Imbue is the baby of the 38-year-old who’s also the executive chef at contemporary European restaurant The Spot. Newly opened at Keong Saik Road, Imbue is the culmination of Lee’s 21-year journey in the culinary arts and a celebration of his Asian heritage, with its inventive menu of dishes driven by contemporary European techniques, elevating humble ingredients and centred around Asian sauces. For this reason, the restaurant’s logo features grains of rice.

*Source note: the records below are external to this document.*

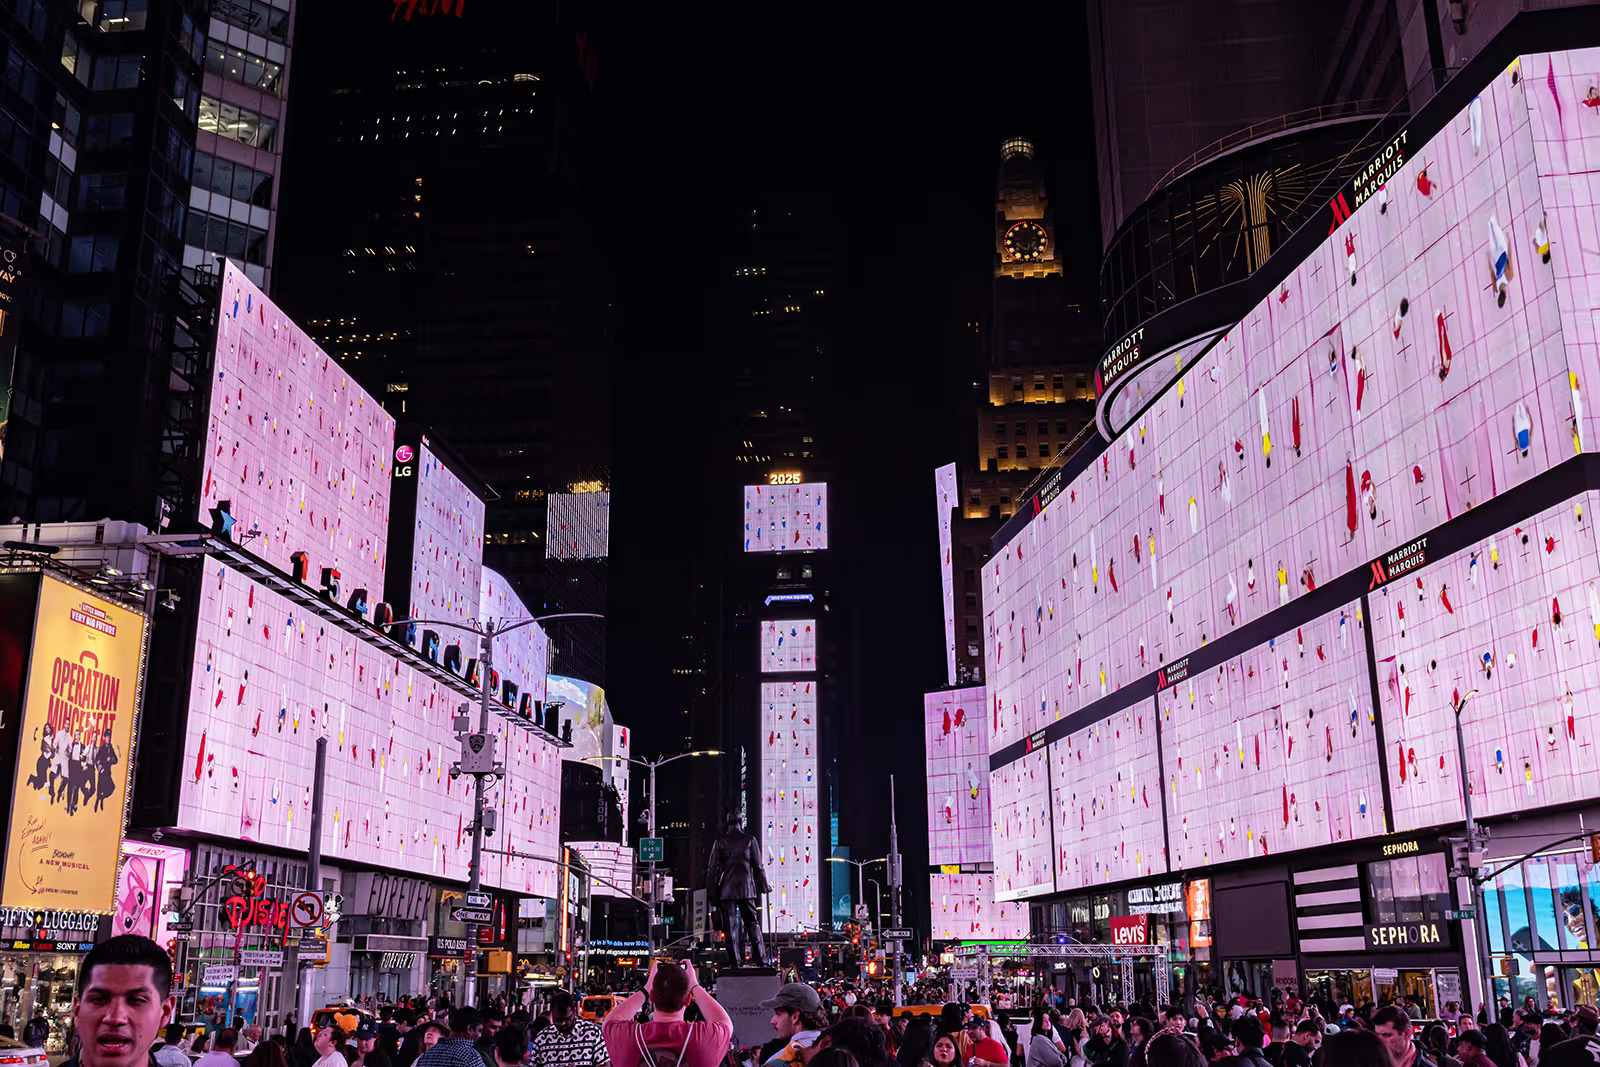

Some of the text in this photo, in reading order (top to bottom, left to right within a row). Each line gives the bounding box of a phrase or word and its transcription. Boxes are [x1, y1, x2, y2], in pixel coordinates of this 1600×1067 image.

[1353, 130, 1408, 191] MARRIOTT
[1355, 154, 1403, 207] MARQUIS
[1103, 328, 1144, 371] MARRIOTT
[1104, 347, 1139, 385] MARQUIS
[395, 466, 411, 477] LG
[770, 473, 801, 484] 2025
[1040, 472, 1062, 497] MARRIOTT
[1387, 537, 1427, 565] MARRIOTT
[1389, 553, 1425, 577] MARQUIS
[290, 551, 393, 633] 1540
[71, 610, 86, 623] VERY
[85, 616, 96, 627] BIG
[95, 620, 116, 636] FUTURE
[1167, 658, 1189, 674] MARRIOTT
[52, 657, 120, 711] OPERATION
[1383, 841, 1419, 856] SEPHORA
[62, 860, 89, 870] MUSICAL
[367, 873, 433, 921] FOREVER
[0, 909, 99, 931] GIFTS LUGGAGE
[456, 911, 468, 919] ONE
[13, 940, 31, 949] Nikon
[35, 929, 59, 940] I NY
[444, 939, 456, 949] POLO
[1372, 924, 1440, 946] SEPHORA
[56, 942, 77, 950] SONY
[381, 952, 409, 968] FOREVER
[1275, 977, 1297, 985] PANDORA

A standout main of squid sausage “claypot” rice, for instance, is Lee’s refined take on a classic homely dish: The rice, clean-tasting without char, is mixed with squid ink egg sauce, truffle, herbs and flowers, and topped with toasted puffed rice. It’s the house-made squid sausage that really stands out, with its deeply intense flavour and silky texture.
Another eye-widening point in the meal is the bread course, served in the middle instead of the beginning because Lee is well aware that filling up on bread right at the start is often too tempting to resist. He presents a “Malai” bread inspired by malai gou, the steamed brown sugar sponge cake commonly found at dim sum restaurants. The malt molasses bread, with its dark, nearly-black glaze, is served with salted ginseng honey butter, resulting in some seriously unexpected flavour that’s exciting, yet comfortingly familiar.

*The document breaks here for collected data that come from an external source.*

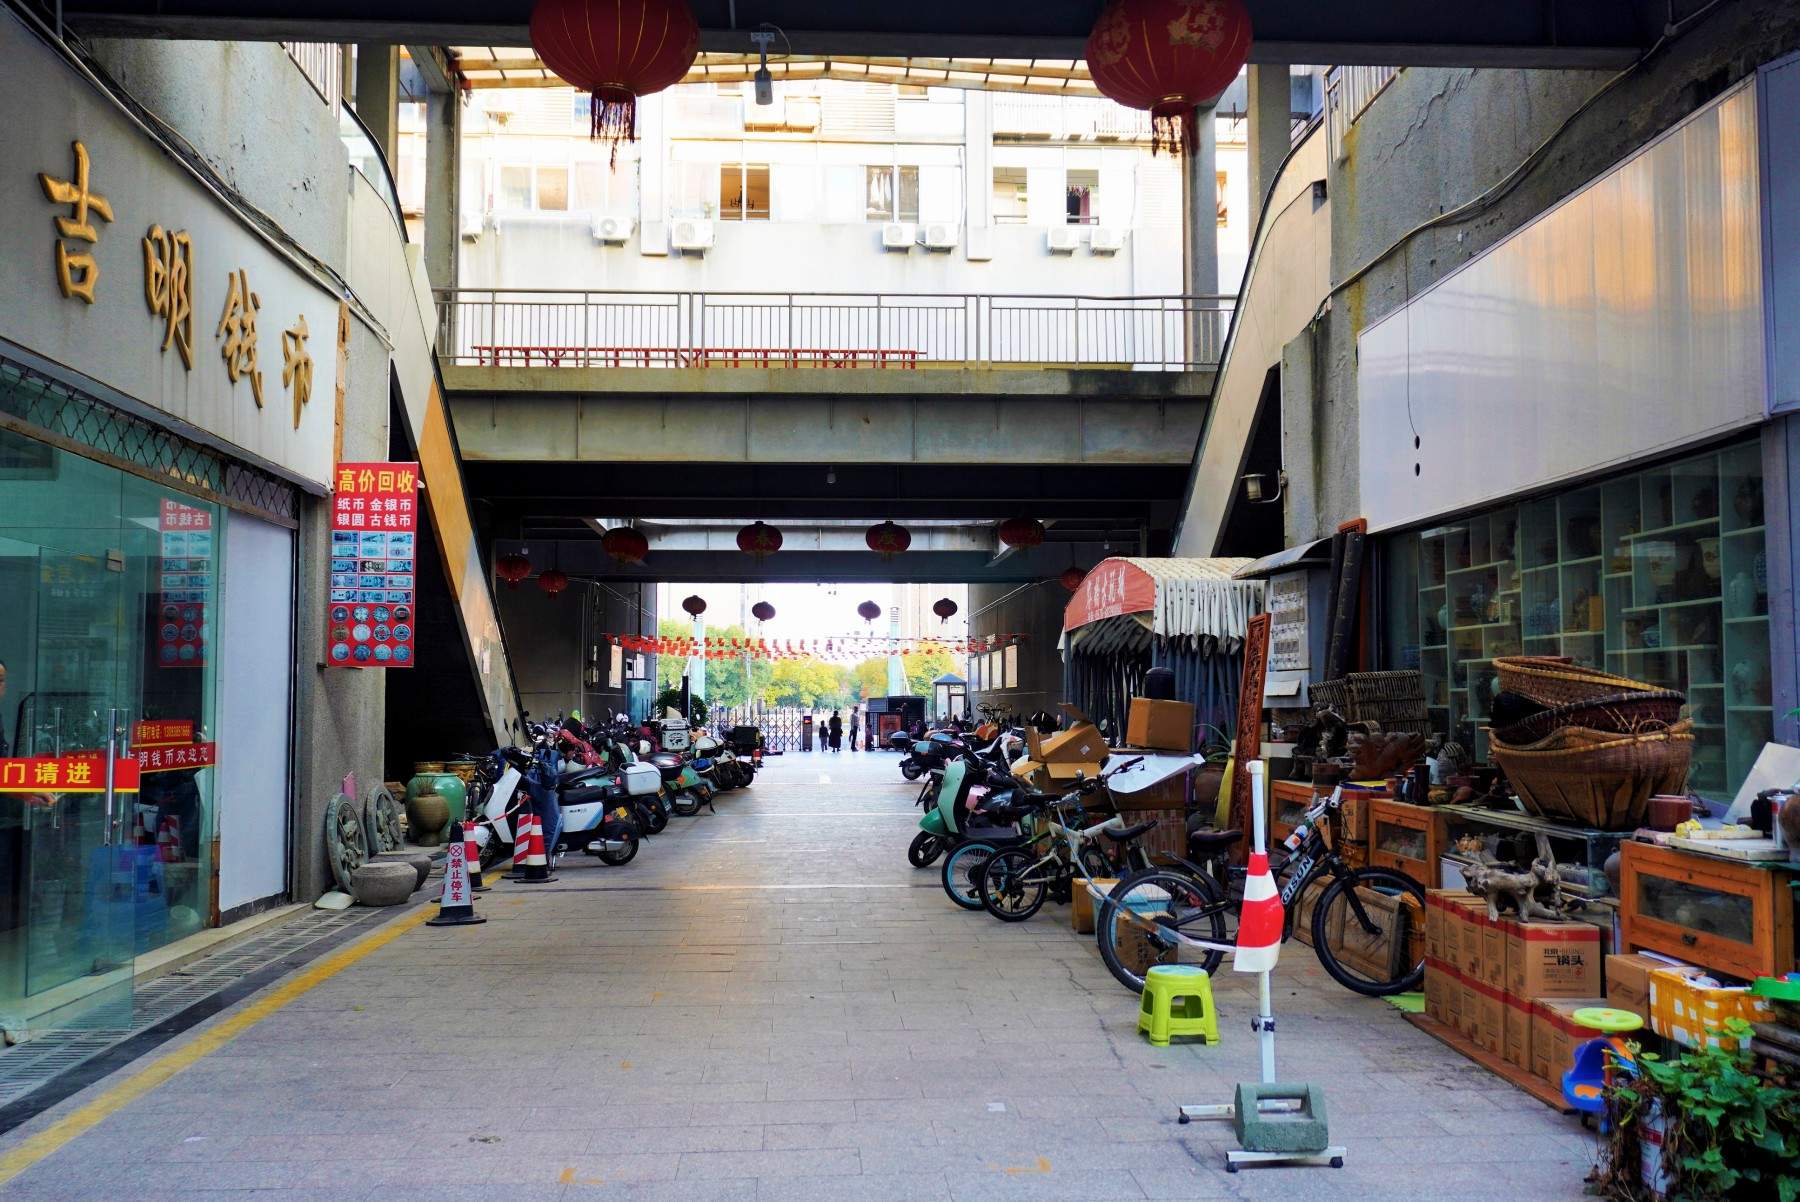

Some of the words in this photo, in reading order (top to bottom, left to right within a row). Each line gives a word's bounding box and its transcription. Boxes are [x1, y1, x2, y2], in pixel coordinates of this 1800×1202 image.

[338, 469, 414, 493] 高价回收
[337, 498, 365, 511] 纸币
[370, 498, 412, 512] 金银币
[337, 513, 365, 527] 银圆
[370, 514, 412, 527] 古钱币
[3, 762, 91, 784] 门请进
[450, 858, 463, 902] 禁止停车

The snacks that open the meal are just as notable, especially the one-bite Drunken Chicken. A tender morsel of chicken, marinated for 24 hours in doubanjiang emulsion, pairs with shaoxing wine jelly, black sesame crisp and green Sichuan peppercorn oil in a spring roll cup.
“I looked back at the past 20 years of my experience, and wanted to do something that is more me,” said Lee of Imbue, which has been two years in the making. Since he’s spent most of his career training in and cooking with European techniques, “Maybe I can spend another 10 to 15 years cooking something that belongs to where I come from – my Asian heritage,” he told us. “I like the European kitchen setup – the positions, the accuracy. But, of course, I cannot lose the part of me that is Asian.”
SAUCE-MAKING TO DE-STRESS
Born in Kedah, Malaysia, Lee began his career in Singapore at the age of 17 at Equinox, going on to work at Osia and Curate at Resorts World Sentosa. Winner of the 2015 Global Chef Challenge, he was the youngest chef to be selected for the Singapore team. “I would call myself a Singapore chef because my career started in Singapore and I was trained in Singapore,” he said, adding that he’s spent more of his life here than in his native Malaysia.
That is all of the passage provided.